Work task: Without including any pictures, give back all of the data exactly.

Dataset entries

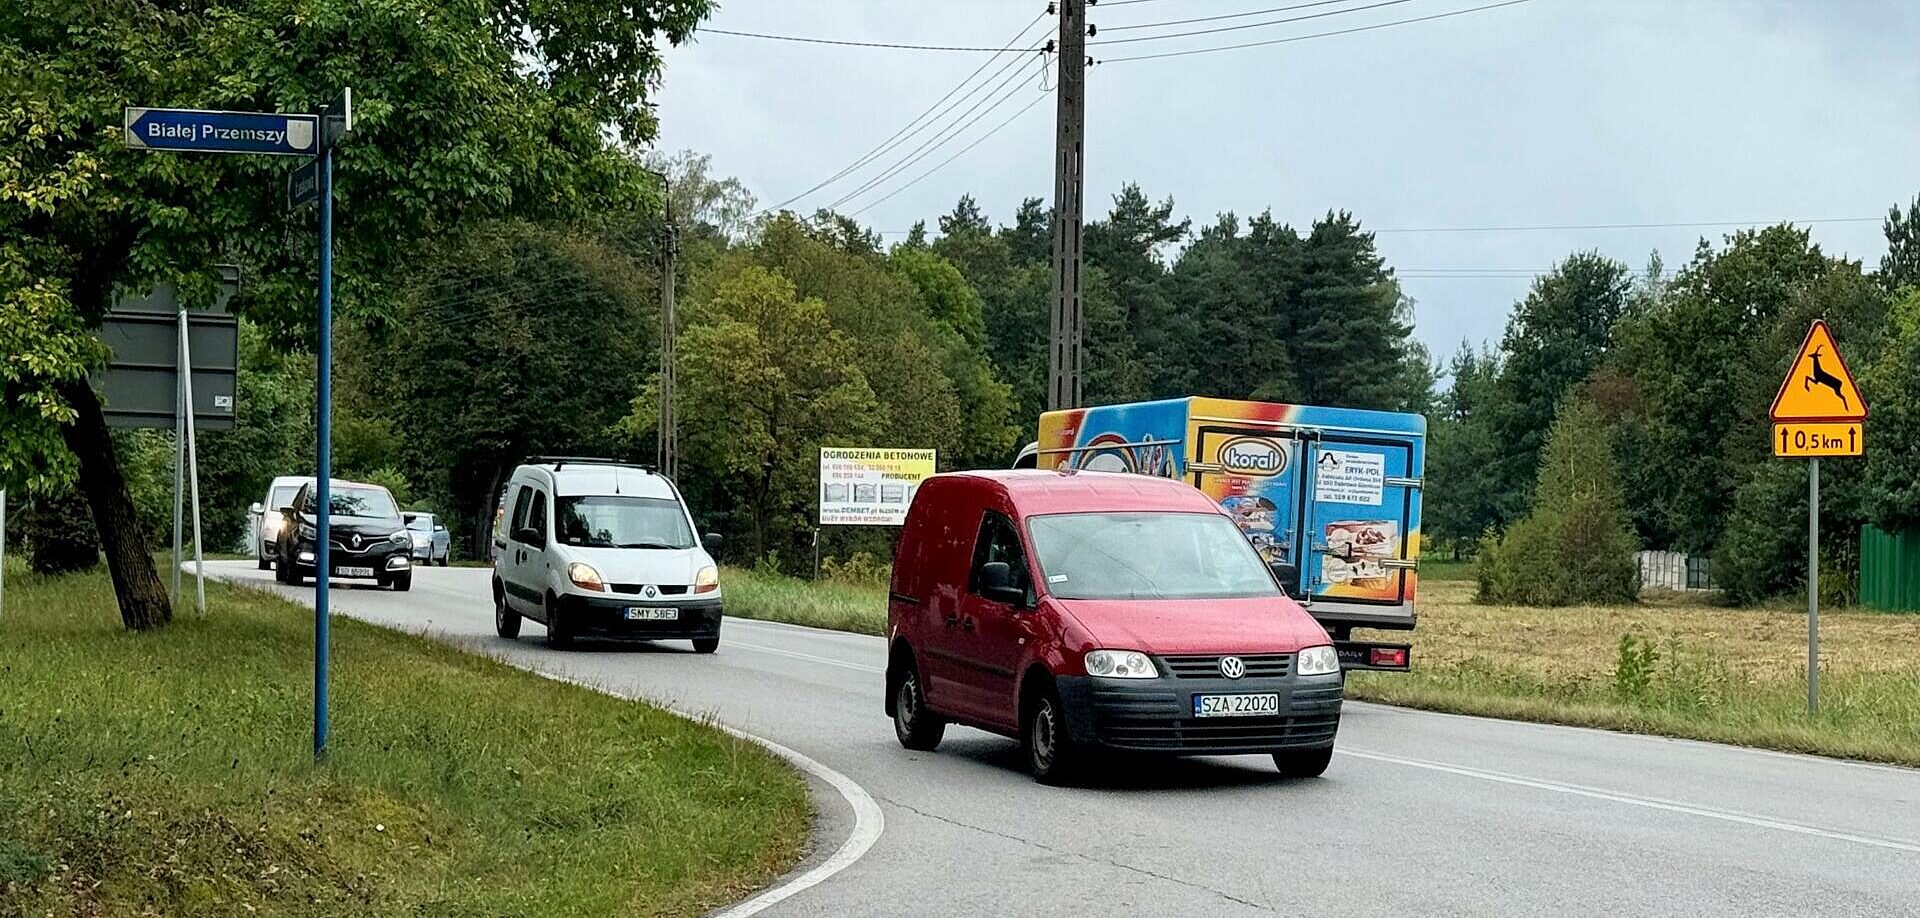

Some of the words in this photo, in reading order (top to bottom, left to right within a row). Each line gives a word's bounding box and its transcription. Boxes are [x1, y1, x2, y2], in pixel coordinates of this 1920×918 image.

[148, 123, 196, 142] Białej
[203, 124, 285, 145] Przemszy
[1795, 430, 1819, 451] 0,5
[1822, 434, 1843, 449] km
[823, 450, 881, 460] OGRODZENIA
[883, 451, 933, 461] BETONOWE
[1228, 447, 1276, 470] koral
[630, 609, 651, 618] SMY
[1339, 650, 1363, 658] DAILY
[1202, 696, 1230, 712] SZA
[1235, 695, 1277, 711] 22020

Expected answer:
Some of the words in this photo, in reading order (top to bottom, left to right within a row). Each line gives a word's bounding box and its transcription. Boxes are [x1, y1, x2, y2], in pixel coordinates of this 1920×918 image.

[148, 123, 196, 142] Białej
[203, 124, 285, 145] Przemszy
[1795, 430, 1819, 451] 0,5
[1822, 434, 1843, 449] km
[823, 450, 881, 460] OGRODZENIA
[883, 451, 933, 461] BETONOWE
[1228, 447, 1276, 470] koral
[630, 609, 651, 618] SMY
[1339, 650, 1363, 658] DAILY
[1202, 696, 1230, 712] SZA
[1235, 695, 1277, 711] 22020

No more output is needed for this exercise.